Section 4. Vacancies. Subject to the rights, if any, of the holders of any series of preferred stock then outstanding, any vacancy on the Board of Directors arising from death, resignation, removal, an increase in the number of directors or any other cause, may be filled either by a majority vote of the remaining directors, although less than a quorum, or by the sole remaining director.

 

Section 5. Regular Meetings. Regular meetings of the Board of Directors may be held without notice and at such time and such places, either within or without the State of Delaware, as shall from time to time be determined by the Board of Directors.

 

Section 6. Special Meetings. Special meetings of the Board of Directors may be called by the Chairman of the Board, the CEO, and shall be called by the CEO or the Secretary, upon the written request of at least two members of the Board of Directors. Each director shall be given at least two (2) days’ notice of each such meeting.

 

Section 7. Quorum. A quorum of directors for the transaction of business shall consist of at least a majority of the total number of directors.

 

Section 8. Waiver of Notice. Notice of a meeting need not be given to any director who submits a written waiver of such notice, signed by him, whether before or after such meeting.
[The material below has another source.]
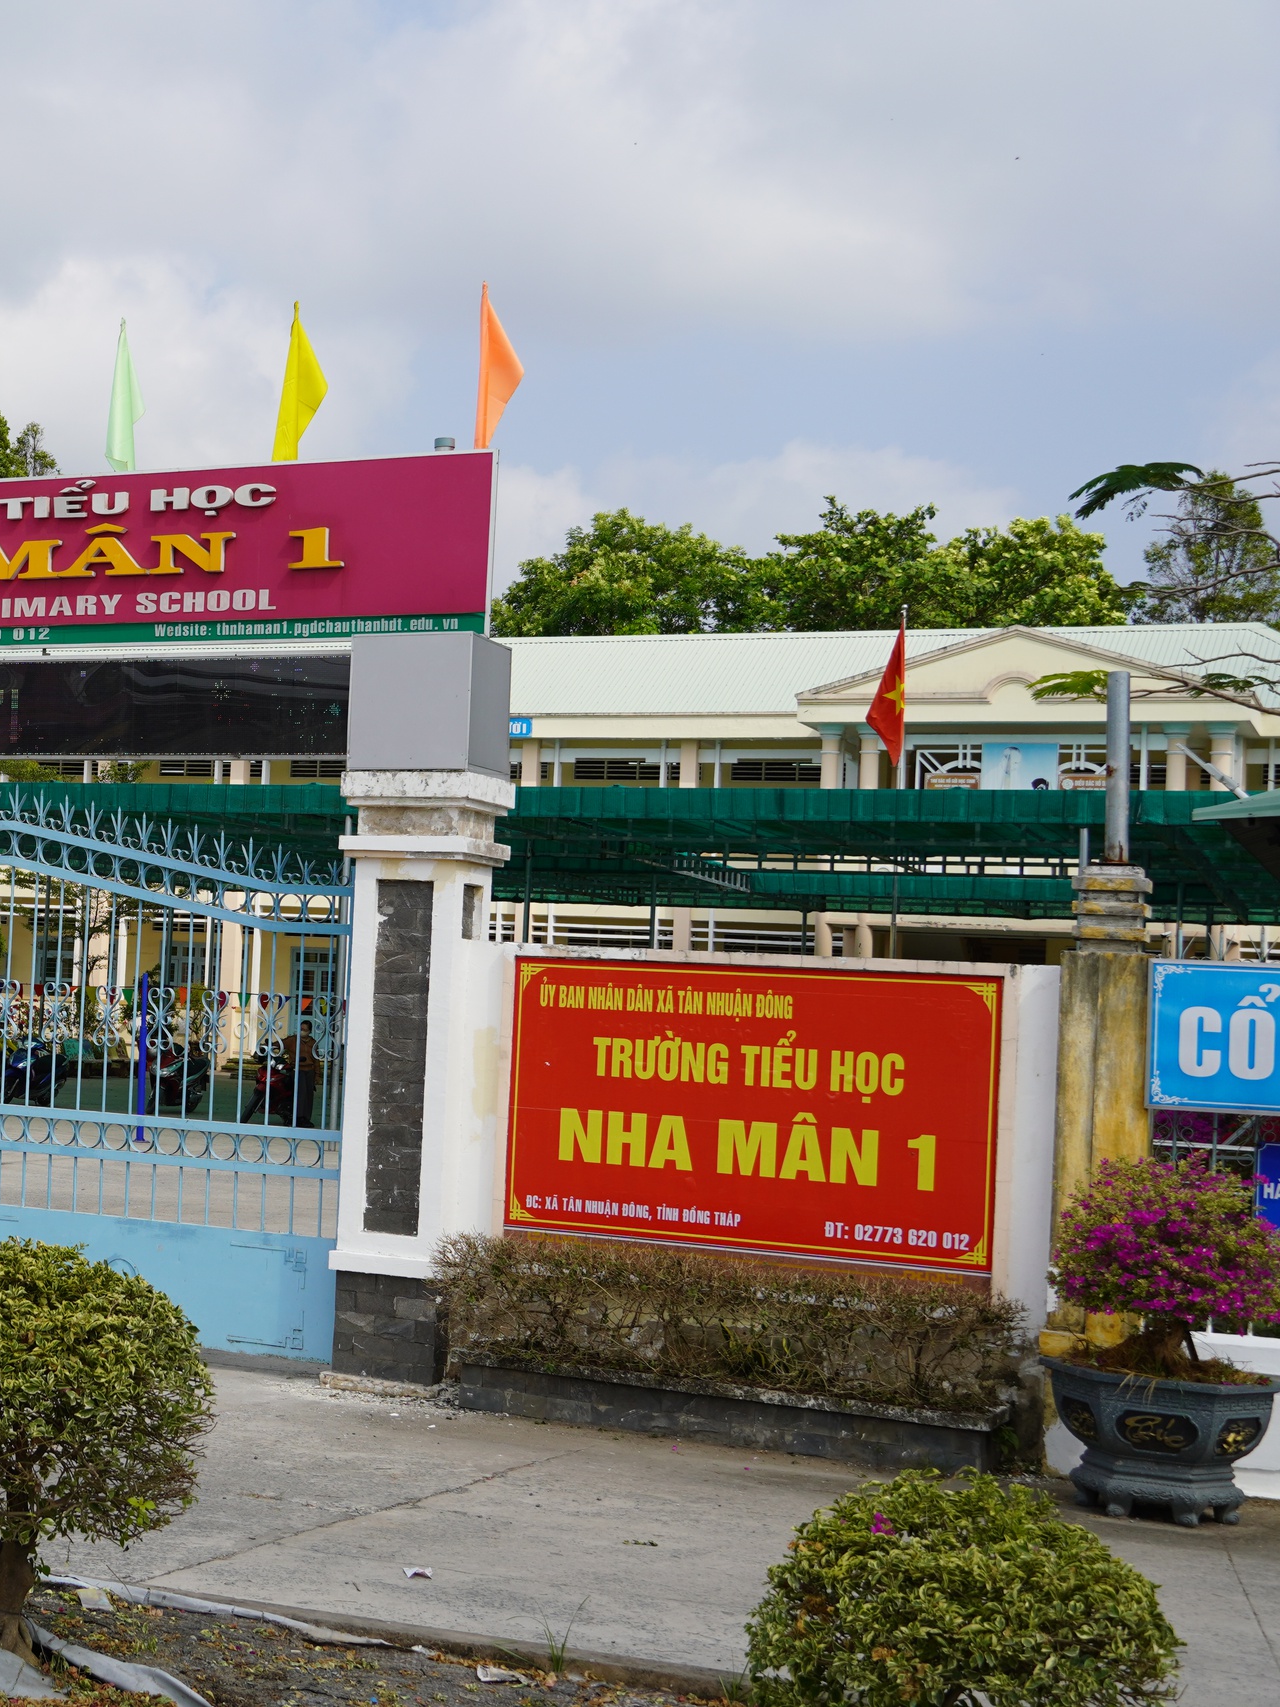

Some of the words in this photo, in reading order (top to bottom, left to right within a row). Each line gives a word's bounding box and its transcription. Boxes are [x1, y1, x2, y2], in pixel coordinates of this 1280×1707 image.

Neither the business to be transacted at, nor the purpose of, any meeting of the directors need be specified in any written waiver of notice with respect to such meeting. Attendance of a director at a meeting shall constitute a waiver of notice of such meeting, except when the director attends such meeting for the express purpose of objecting, at the beginning of such meeting, to the transaction of any business because the meeting is not lawfully called or convened.

 

Section 9. Voting. The act of a majority of the total number of directors shall be the act of the Board of Directors.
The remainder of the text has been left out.